A rendering of one of the homes the Beechwood Organization...

A rendering of one of the homes the Beechwood Organization plans for Westhampton Beach. Credit: Beechwood Organization

The Beechwood Organization said it plans to build 26 single-family homes in Westhampton Beach in the next year, including 22 in a development near the village’s LIRR station.

The 22-home development on Depot Road, located on the former site of the Wholistic Tennis Academy, will be called Country Pointe Estates. Starting prices will range from $2.7 million to $3.6 million across the developers' three models, which all have six bedrooms and five full bathrooms.

With limited land available for development in the Hamptons and a shortage of homes on the market, Beechwood expects plenty of interest for homebuyers when it begins sales in the next few weeks, said Michael Dubb, founder and CEO of the Beechwood Organization. He expects to finish construction in spring 2023 and estimated property taxes on the homes would be around $20,000.

“When you drive around the village, you don’t see for sale signs in front of homes,” Dubb said. “It’s new construction, so people don’t have to fix it up and can have the houses finished to their taste.
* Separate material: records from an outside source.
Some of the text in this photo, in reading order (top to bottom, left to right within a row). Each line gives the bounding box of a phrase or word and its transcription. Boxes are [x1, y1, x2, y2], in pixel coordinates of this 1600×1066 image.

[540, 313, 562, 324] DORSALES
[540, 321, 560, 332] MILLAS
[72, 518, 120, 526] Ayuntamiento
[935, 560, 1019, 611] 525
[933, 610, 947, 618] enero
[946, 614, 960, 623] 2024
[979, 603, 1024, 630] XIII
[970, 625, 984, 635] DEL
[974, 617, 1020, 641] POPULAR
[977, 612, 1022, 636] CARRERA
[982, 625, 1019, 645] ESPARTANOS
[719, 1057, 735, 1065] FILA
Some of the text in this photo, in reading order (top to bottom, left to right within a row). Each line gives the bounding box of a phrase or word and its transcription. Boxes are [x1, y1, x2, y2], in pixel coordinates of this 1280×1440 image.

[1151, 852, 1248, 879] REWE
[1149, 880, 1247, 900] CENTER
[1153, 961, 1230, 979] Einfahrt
New construction comes with warranties. It’s not the same mystery as buying a resale.”

In addition to Country Pointe Estates, Beechwood is developing a four-parcel site called Oneck Landing in Westhampton Beach. It has already sold the land for two parcels. A .98-acre site sold for $2.2 million and a 1.31-acre site sold for $4.6 million, with plans to build houses on the land at an additional cost. It has listed a separate 1.1-acre waterfront parcel for $6.5 million. A fourth parcel, which includes a five-bedroom, more than 5,700-square-foot home, is on the market for just under $7 million.

The median sale price in the broader Westhampton area was $1.3 million last year across 428 sales, or 7.8% higher than the median in 2020, according to data compiled by Town and Country Real Estate. The report includes only single-family houses and defines the Westhampton area to include Westhampton Beach, Remsenburg, East Quogue, Quogue and Quiogue. There are currently 38 homes for sale in Westhampton Beach, according to OneKey MLS.
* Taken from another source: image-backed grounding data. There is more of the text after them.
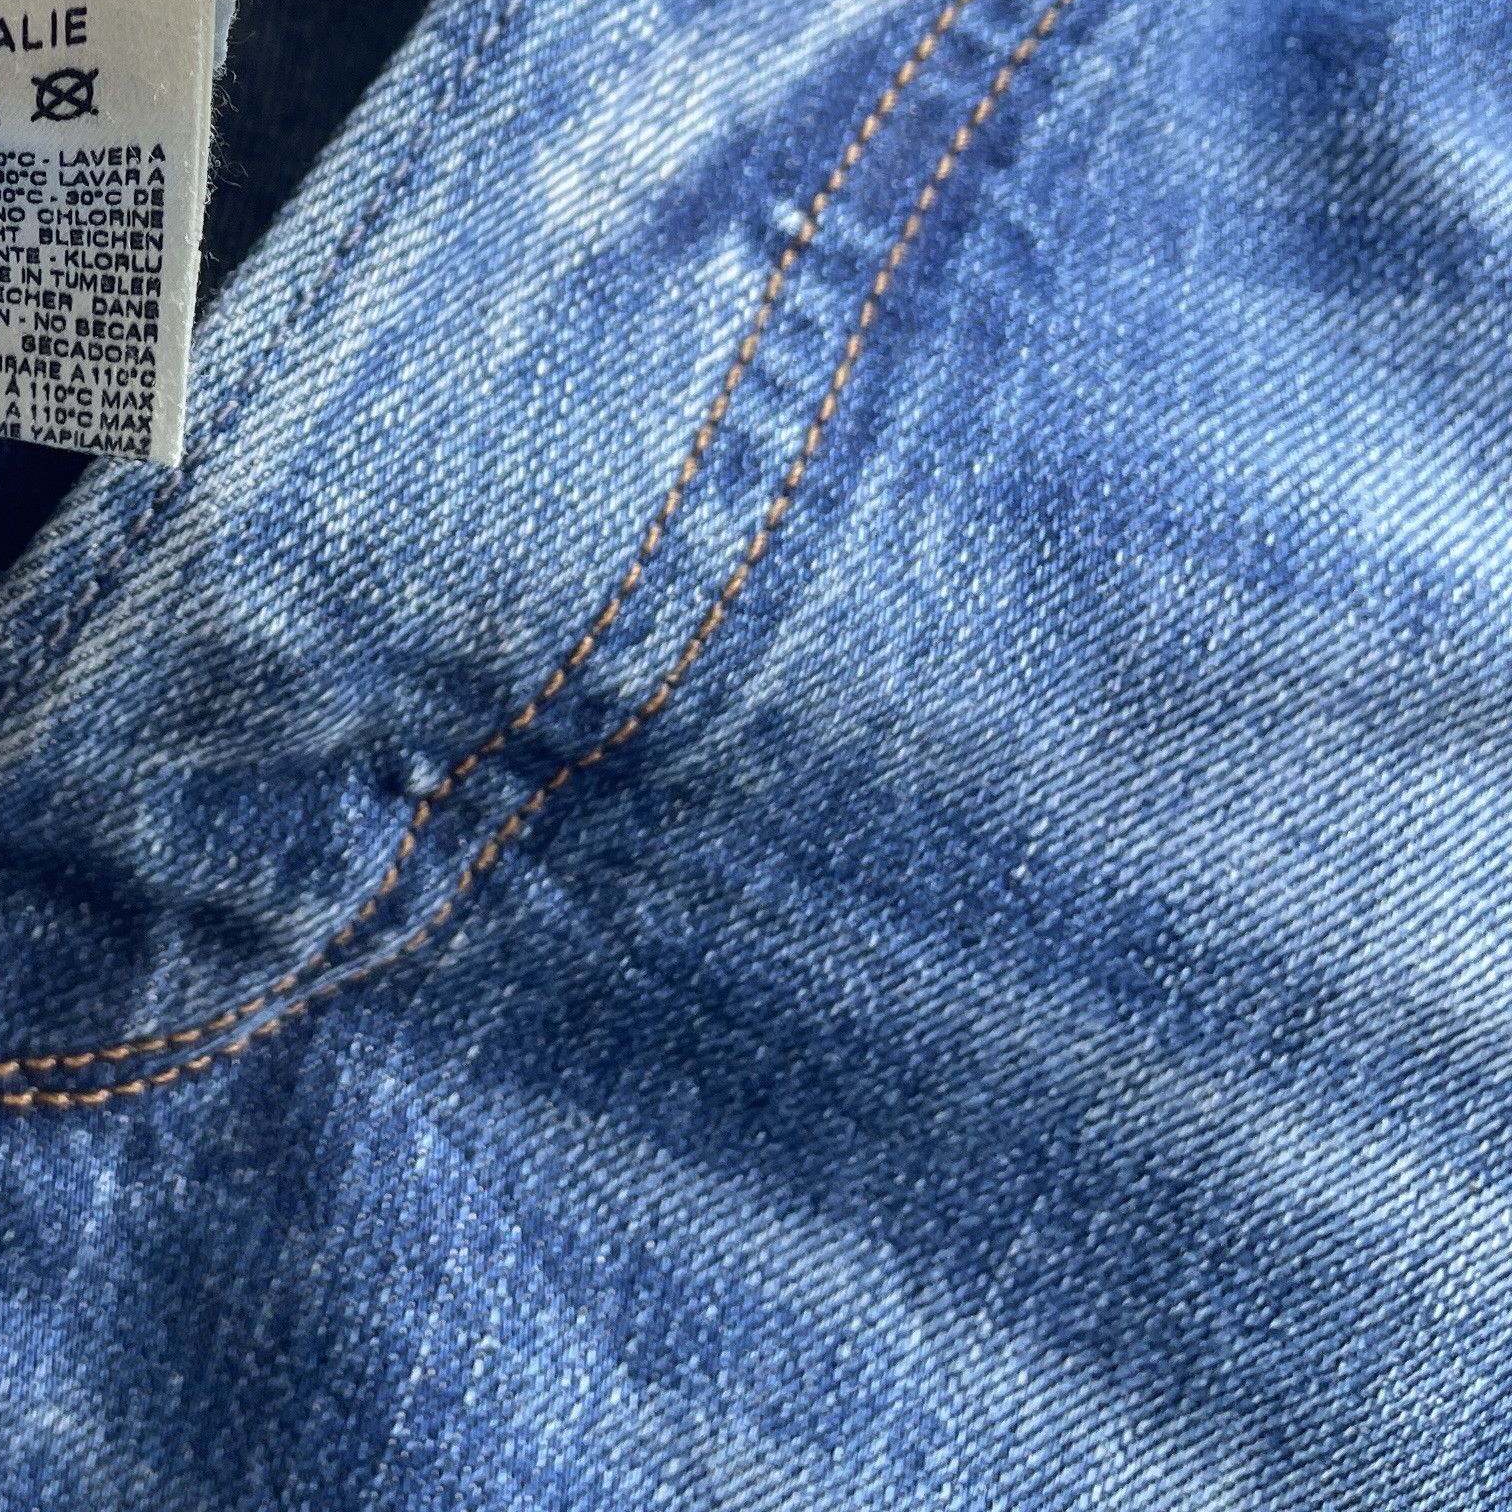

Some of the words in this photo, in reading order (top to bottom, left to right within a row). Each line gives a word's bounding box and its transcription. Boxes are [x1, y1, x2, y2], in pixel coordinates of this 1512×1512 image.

[58, 146, 141, 167] LAVER
[58, 168, 141, 186] LAVAR
[133, 188, 164, 207] DE
[37, 208, 164, 229] CHLORINE
[38, 227, 164, 251] BLEICHEN
[64, 249, 163, 273] KLORLU
[21, 267, 42, 286] IN
[50, 269, 161, 297] TUMBLER
[92, 296, 160, 320] DANS
[34, 311, 67, 333] NO
[75, 317, 159, 343] SECAR
[21, 334, 156, 366] SECADORA
[101, 389, 155, 413] MAX
[99, 411, 153, 433] MAX
[31, 425, 152, 456] YAPILAMAZ
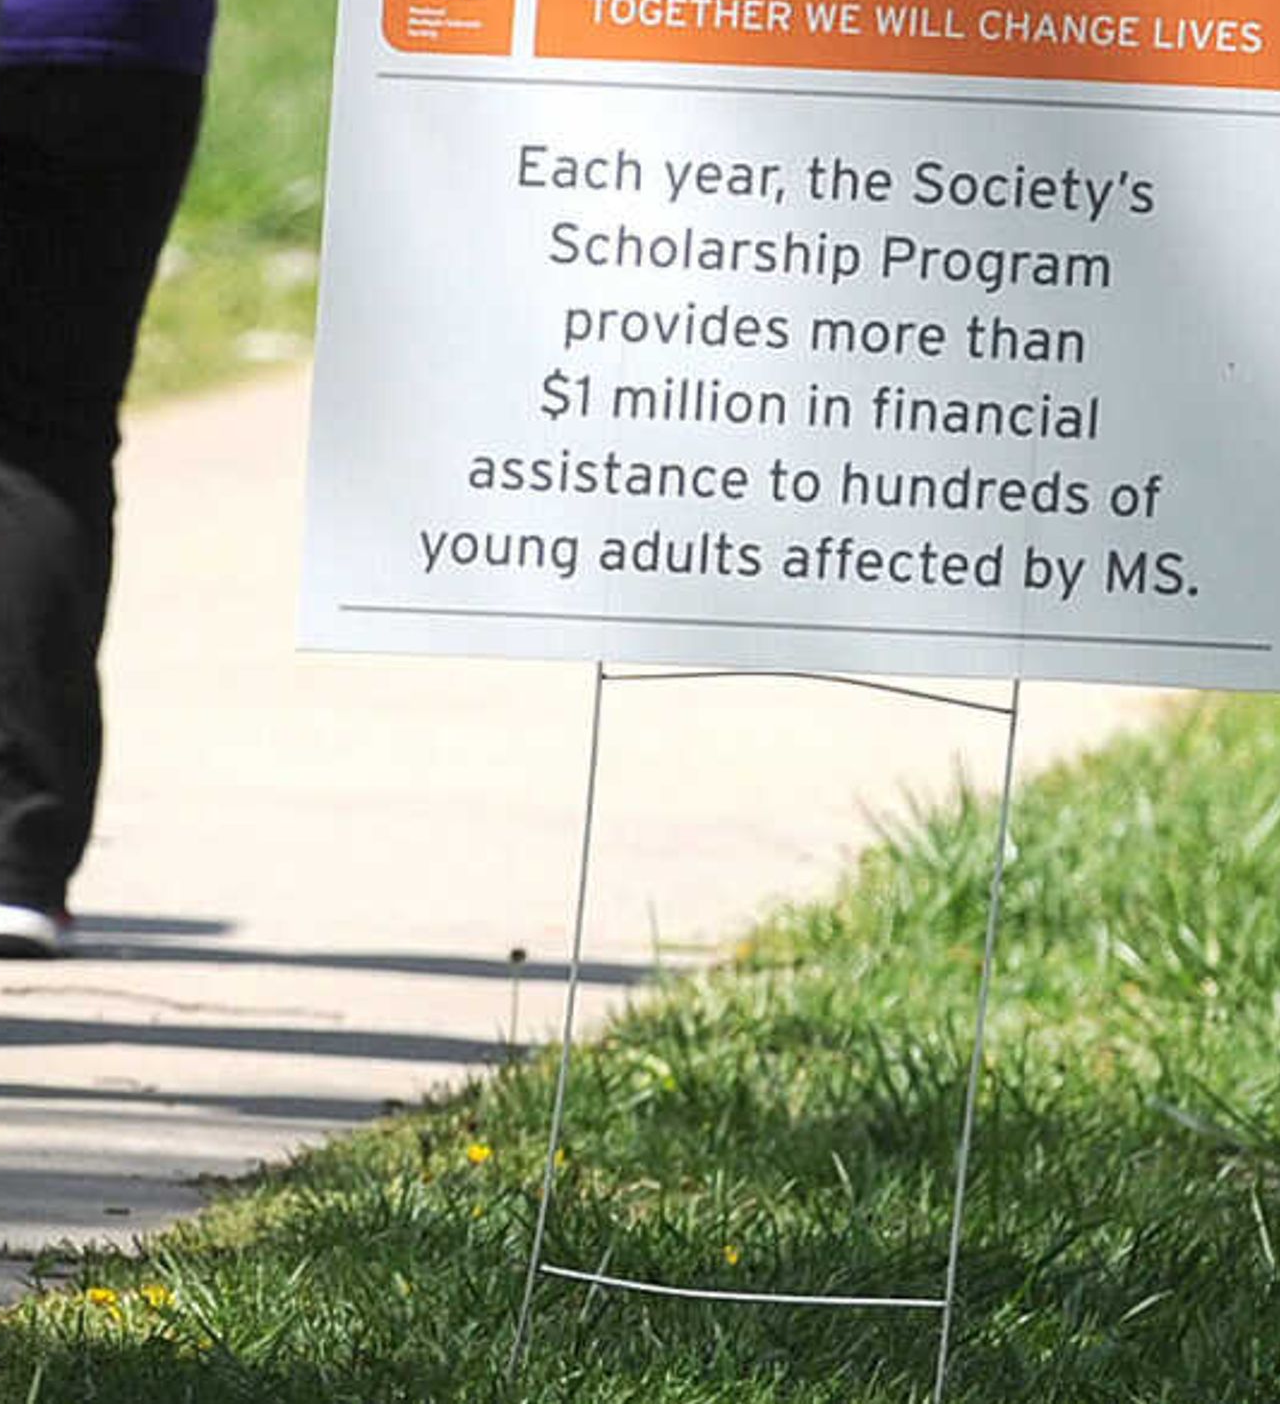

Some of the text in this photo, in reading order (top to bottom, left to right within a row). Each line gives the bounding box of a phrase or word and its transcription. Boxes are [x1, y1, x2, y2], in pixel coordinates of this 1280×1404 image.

[806, 3, 861, 34] WE
[876, 7, 963, 37] WILL
[980, 11, 1139, 47] CHANGE
[1154, 17, 1262, 53] LIVES
[517, 144, 1154, 223] Each year, the Society's
[548, 221, 1110, 294] Scholarship Program
[563, 301, 1084, 364] provides more than
[540, 367, 1099, 440] $1 million in financial
[468, 448, 1163, 518] assistance to hundreds of
[419, 529, 1199, 602] young adults affected by MS.
Jericho-based Beachwood has been a prolific residential builder across Long Island, with recent developments opening in East Meadow, East Rockaway, Plainview and Yaphank. It has built 129 homes in the Hamptons, including the 69-unit condo community Bishops Pond in Southampton Village.

The developer said this week it has now sold all 20 units at The Latch in Southampton Village, which includes 19 condominiums and a single-family home, on Hill Street. Sales ranged from $2.6 million to $7 million. The development included the preservation of the exteriors of two turn-of-the-20th-century buildings, the Latch building and Terry Cottage, that were designed by renowned architect Stanford White of the firm McKim, Mead and White.
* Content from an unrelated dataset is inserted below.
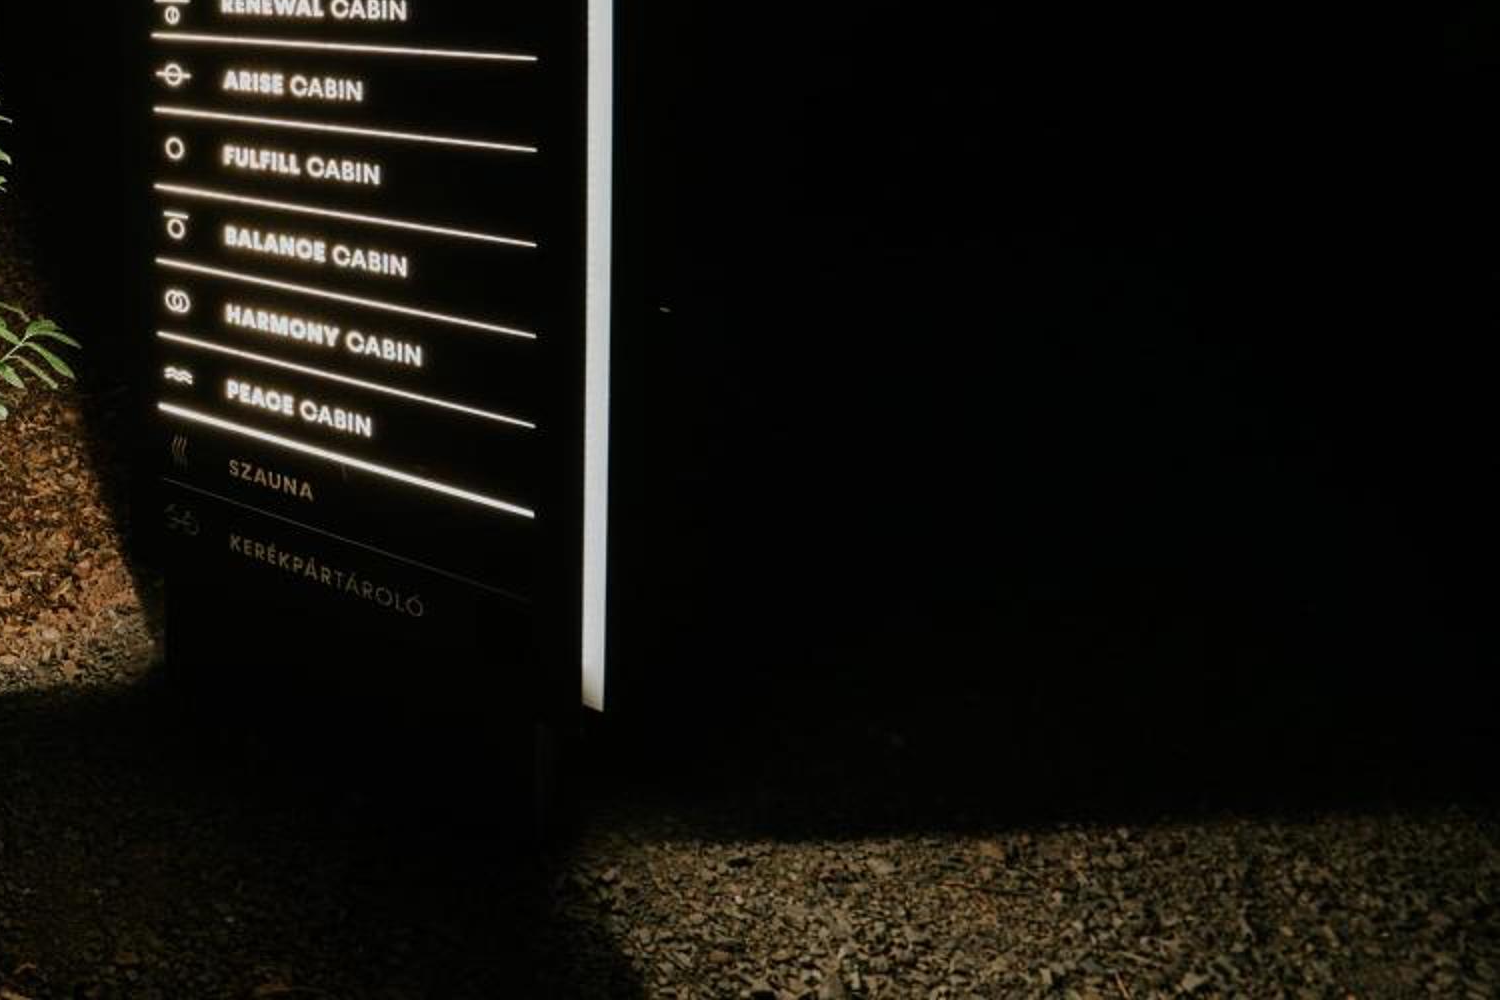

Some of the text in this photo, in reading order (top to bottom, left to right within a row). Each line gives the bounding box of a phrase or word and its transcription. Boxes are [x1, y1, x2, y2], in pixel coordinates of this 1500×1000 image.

Beechwood is contending with volatile prices for building materials, such as lumber, as it looks to begin selling the homes. The price of lumber futures contracts on the Chicago Mercantile Exchange have fallen nearly 20% in the past month to $1,054.30 per thousand board feet on Wednesday. In the first week of March, prices had soared above $1,450. Still, lumber prices have nearly doubled since mid-November.

Dubb said higher oil prices also increase the cost of construction because of the number of building materials that are petroleum related. He said he is in the unusual position of hoping for a slowdown in demand from homebuyers, so that building costs drop.

“The best we can do is order materials well in advance and try to buy the dips in the market,” Dubb said. “You couple that with labor shortages, and it’s quite challenging.”

Dubb said Beechwood doesn’t pass along higher construction costs to homebuyers after they’ve agreed to purchase homes but builders in other parts of the country have started including escalation clauses to account for fluctuations in construction costs.

“We have to absorb that risk,” Dubb said.